Au cours des deux dernières décennies, il y a eu de nombreuses études qui ont souligné le rôle important des miARN dans la maladie humaine. Résultats d’un vaste corpus de littérature démontrent l’importance indéniable des miARN dans la physiopathologie des maladies comme le cancer1 et maladies cardiovasculaires2,3,4,5. Par exemple, miR-21 est augmenté dans nombreux cancers, ce qui entraîne une prolifération accrue cycle cellulaire et la cellule6. Dans les infections de virus de l’hépatite C, miR-122 joue un rôle important dans la réplication du virus7, et il a été démontré que l’inhibition de miR-122 diminue la charge virale8. Dans l’hypertrophie cardiaque, miR-212/132 est augmentée dans le cœur et est impliqué dans le phénotype pathologique9. L’importance évidente de la diminution de l’expression ou l’inhibition fonctionnelle d’un miRNA surexprimés suggère des possibilités d’exploitation thérapeutique de la biologie de miRNA dans presque toutes les maladies.

Les quatre membres de famille miR-181, miR-181 a/b/c/d, sont trouvent dans trois sites génomiques dans le génome humain. La région intronic d’un gène du hôte d’ARN non codants (MIR181A1-HG) encode le cluster de miR-181-a/b-1. La région intronic du gène NR6A1 encode le miR-181-a/b-2. Le cluster de miR-181-c/d se trouve dans un relevé de notes non caractérisé sur le chromosome 19. Tous les membres de la famille miR-181 partagent la même séquence de « semences » et tous les quatre membres de famille miR-181 peuvent potentiellement réguler les mêmes objectifs d’ARNm.

Nous avons3,4 et autres10 ont mis en évidence l’importance de miR-181 membres de la famille au cours de l’insuffisance cardiaque terminale. Nous avons également reconnu qu’une upregulation de miR – 181c se produit dans des conditions pathologiques associées à un risque accru de maladie cardiaque, tels que diabète de type II, obésité et vieillissement3,4,5. Il a été postulé que la surexpression de miR – 181c cause un stress oxydatif qui mène à une dysfonction cardiaque4.

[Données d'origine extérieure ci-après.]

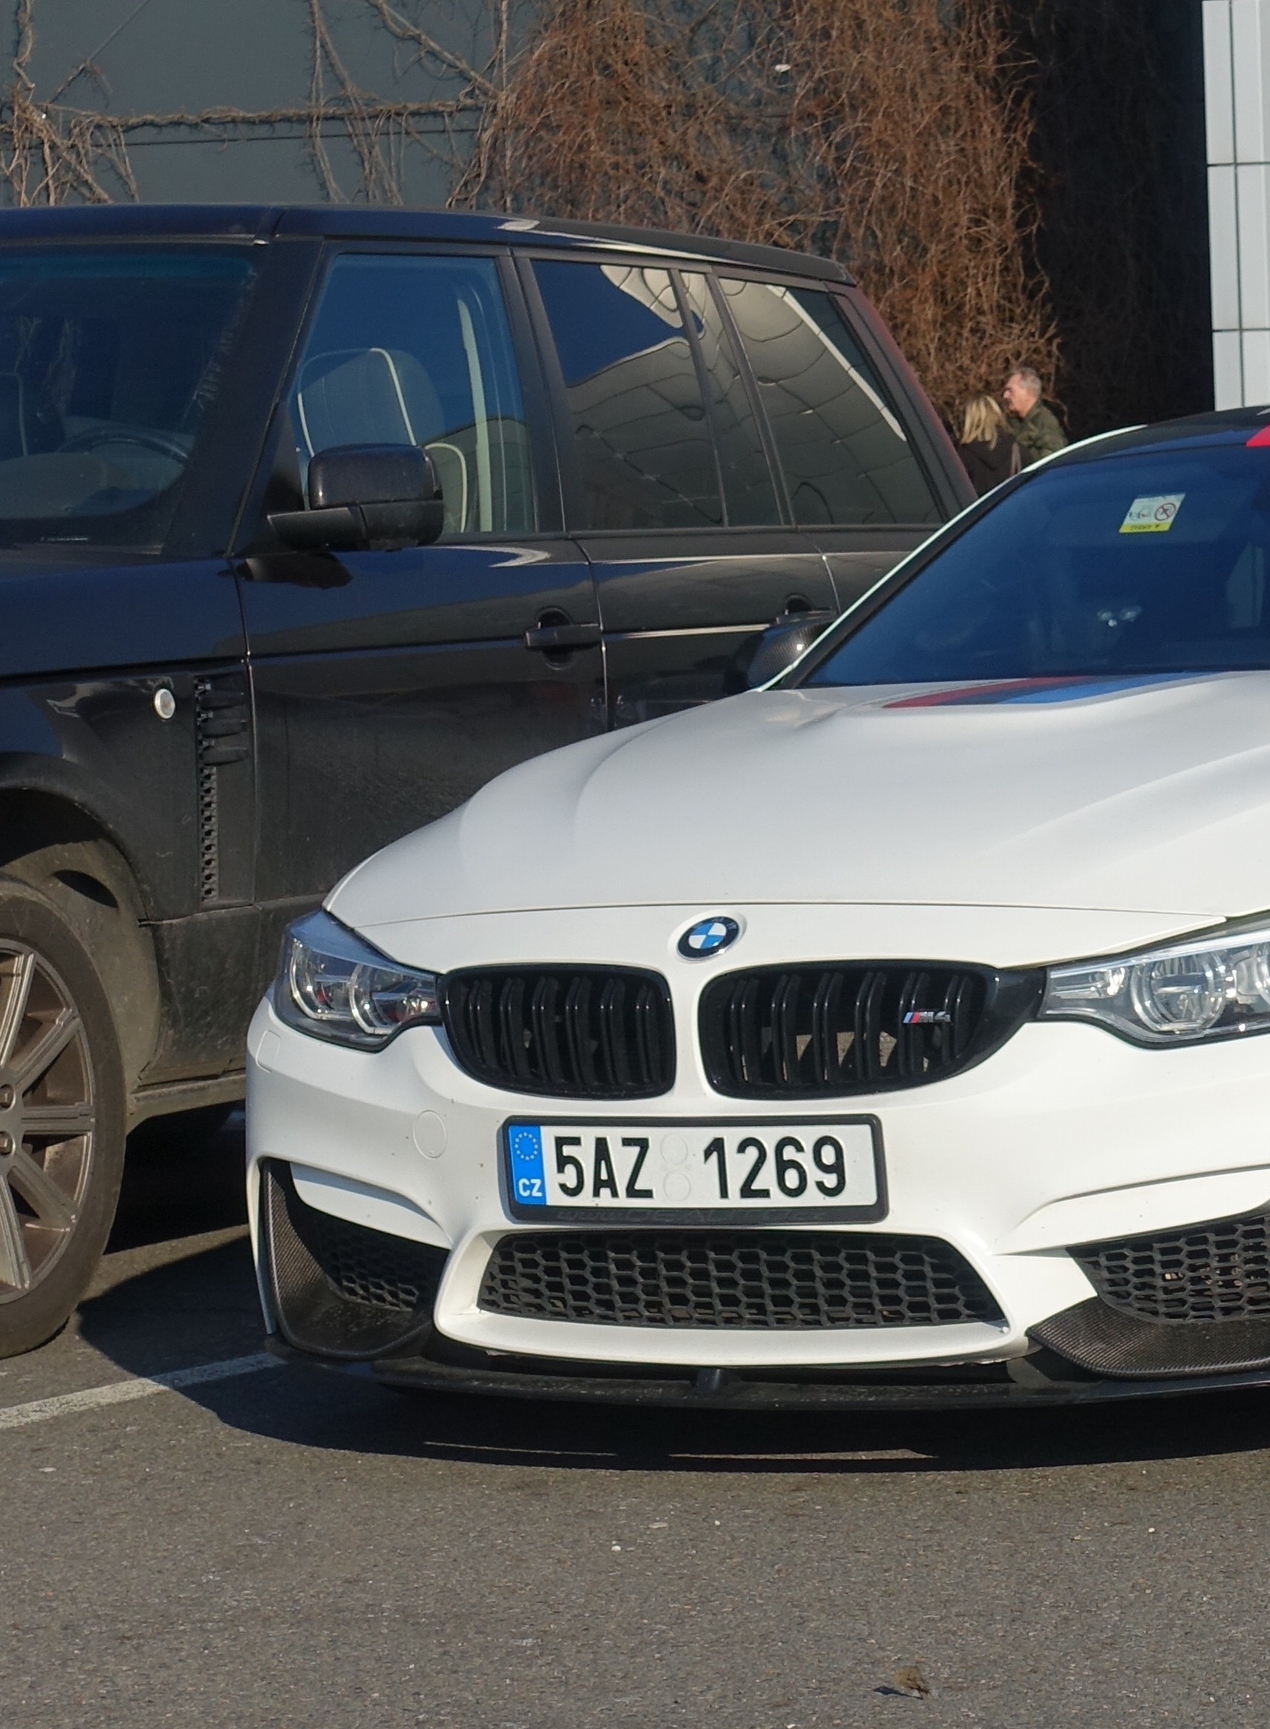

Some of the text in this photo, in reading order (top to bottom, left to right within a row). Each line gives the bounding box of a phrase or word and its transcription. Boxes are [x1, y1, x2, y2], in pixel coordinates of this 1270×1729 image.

Plusieurs groupes ont suggéré que miRNA existent dans les mitochondries11,12,13,14, mais nous avons été les premiers à démontrer que miR – 181 c est dérivé le génome nucléaire, traité, et par la suite déplacés vers les mitochondries dans le RISC3. En outre, nous avons détecté une faible expression de miR-181 et miR-181 dans le compartiment mitochondrial du cœur5. Ce qui est important, nous trouvons que miR – 181c réprime l’expression de l’ARNm mt-COX1, démontrant ainsi que les miARN participe à la régulation du gène mitochondrial et altérer la fonction mitochondriale3,4.

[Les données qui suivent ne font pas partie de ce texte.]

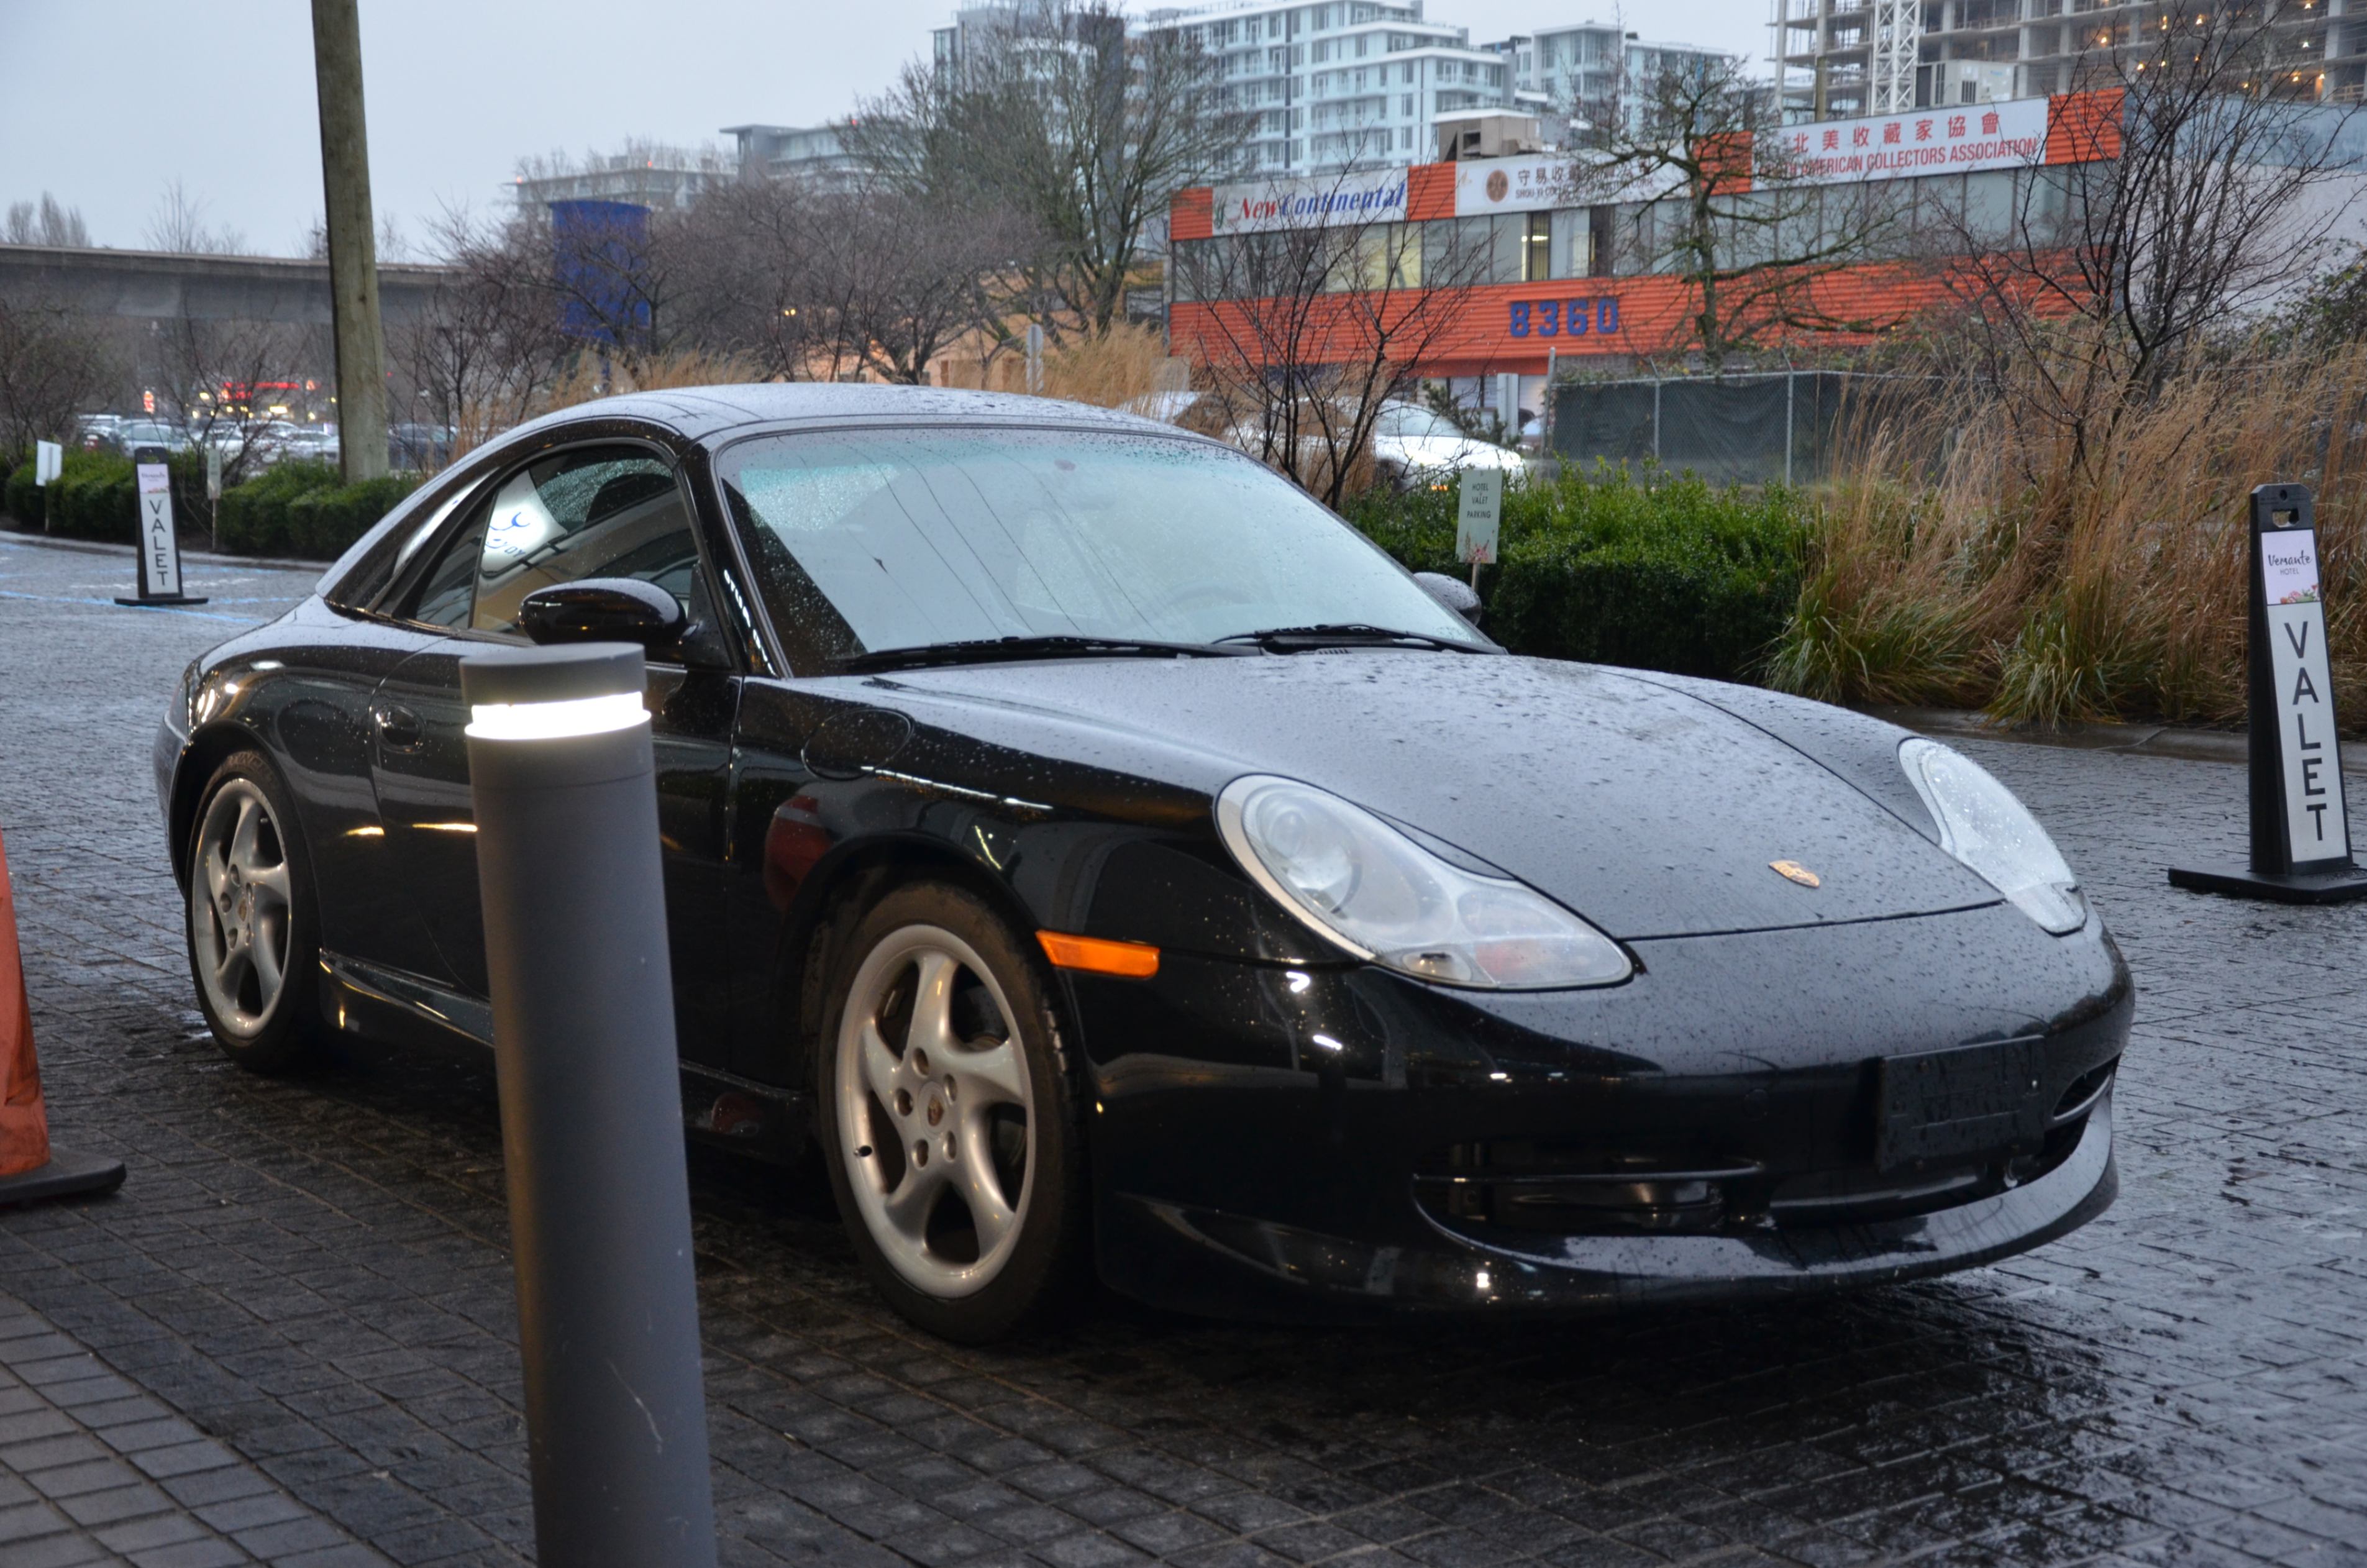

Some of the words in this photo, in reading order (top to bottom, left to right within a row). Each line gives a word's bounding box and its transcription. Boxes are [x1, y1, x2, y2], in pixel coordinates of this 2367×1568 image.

Cet article décrit la méthodologie requise pour concevoir une miRNA-éponge d’abattre toute la famille de miR-181 dans les cardiomyocytes. En outre, nous exposons un protocole pour l’application in vivo de le miR-181-éponge.

Protocol

Toutes les procédures expérimentales ont été approuvées par l’animalier institutionnel et utilisation Comité de l’Université Johns Hopkins. 1. éponge Design Micro-ARN liaison 3′ UTRRemarque : Fonctions de miRNA A travers interactions appariements base spécifiques avec des sites complémentaires partiellement dans la région 3′ non traduite (UTR) de son ARNm cible (pour un examen complet, voir Bartel)15. Concevoir les…

Representative Results

Dans les stable pEGFP-miR-181-éponge-exprimant H9c2 cellules transfectées (de l’étape 4.2), l’expression de toute la famille miR-181 (miR-181 a, miR-181, miR – 181c et miR – 181d) est modérément diminuée par rapport aux cellules H9c2 pEGFP brouillés-exprimant. MiR-181-éponge sert comme un inhibiteur compétitif de toute la famille de miR-181, donc nous avons attendu que l’expression de la miR – 181c mitochondrial cible génique, mt-COX1, augmenterait. La tache occidentale su…

Discussion

Cet article décrit la conception et la synthèse d’une éponge-miRNA et démontré comment l’expression tissu-spécifique de l’éponge est un outil puissant pour inhiber les famille expression tissu-spécifique miRNA.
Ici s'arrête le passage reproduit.